Exercise aim: A verbatim printing of the entries that follow is needed; pictures must not appear in it.

Dataset records:
________________________

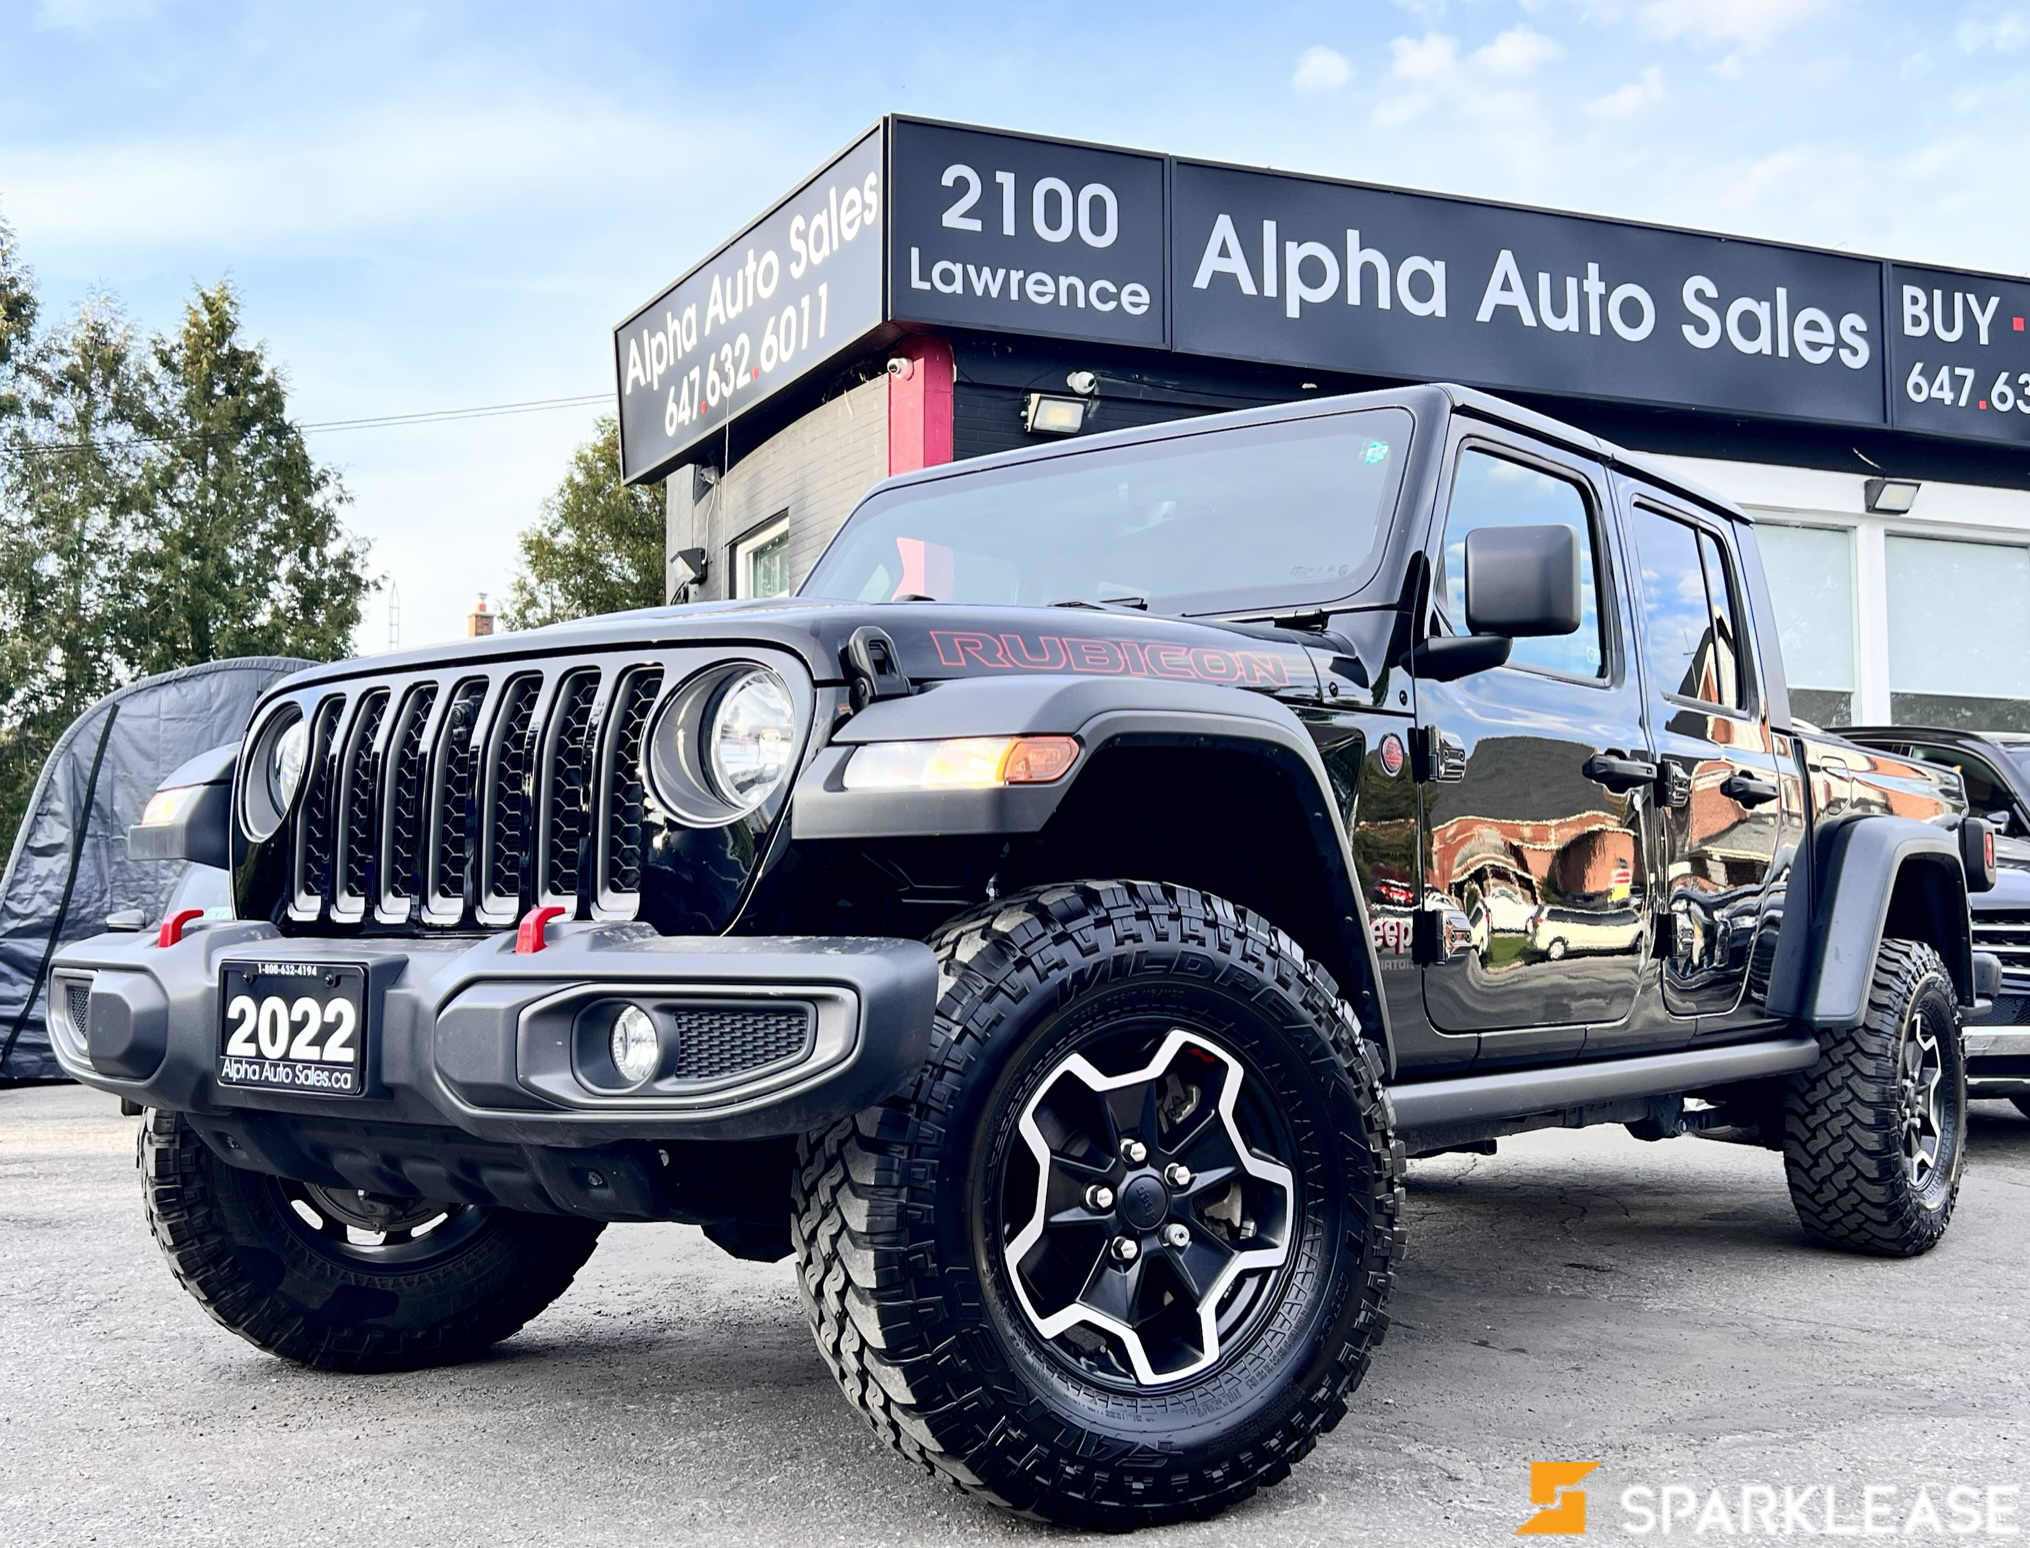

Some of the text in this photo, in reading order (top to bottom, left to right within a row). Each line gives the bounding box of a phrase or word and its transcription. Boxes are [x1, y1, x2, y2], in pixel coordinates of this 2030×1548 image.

[941, 164, 1119, 249] 2100
[626, 171, 878, 395] Alpha Auto Sales
[910, 246, 1151, 316] Lawrence
[1193, 213, 1870, 369] Alpha Auto Sales
[1902, 284, 2001, 345] BUY
[665, 282, 829, 437] 647.632.6011
[928, 630, 1289, 686] RUBICON
[1369, 917, 1413, 954] eep
[226, 995, 357, 1062] 2022
[221, 1057, 352, 1089] Alpha Auto Sales.ca
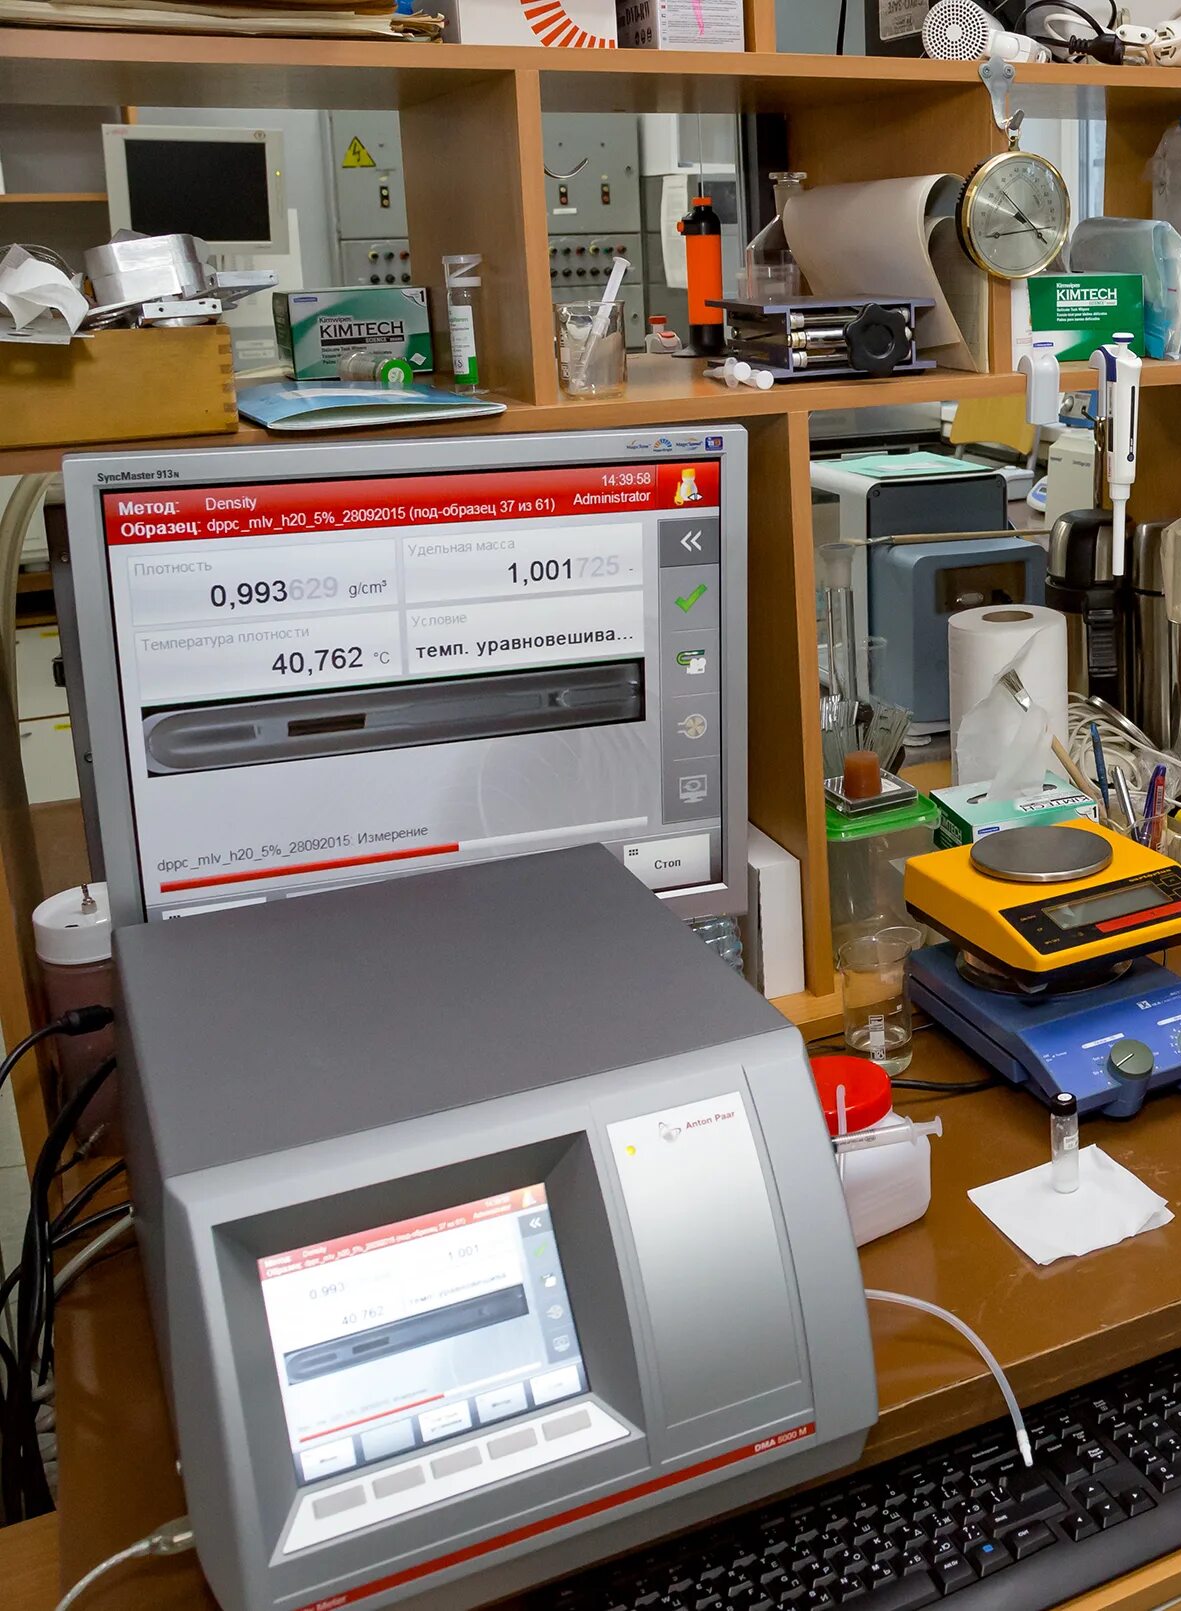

________________________

Solution to this task:
Some of the text in this photo, in reading order (top to bottom, left to right within a row). Each line gives the bounding box of a phrase or word and its transcription. Boxes are [x1, y1, x2, y2], in pixel coordinates of this 2030×1548 image.

[941, 164, 1119, 249] 2100
[626, 171, 878, 395] Alpha Auto Sales
[910, 246, 1151, 316] Lawrence
[1193, 213, 1870, 369] Alpha Auto Sales
[1902, 284, 2001, 345] BUY
[665, 282, 829, 437] 647.632.6011
[928, 630, 1289, 686] RUBICON
[1369, 917, 1413, 954] eep
[226, 995, 357, 1062] 2022
[221, 1057, 352, 1089] Alpha Auto Sales.ca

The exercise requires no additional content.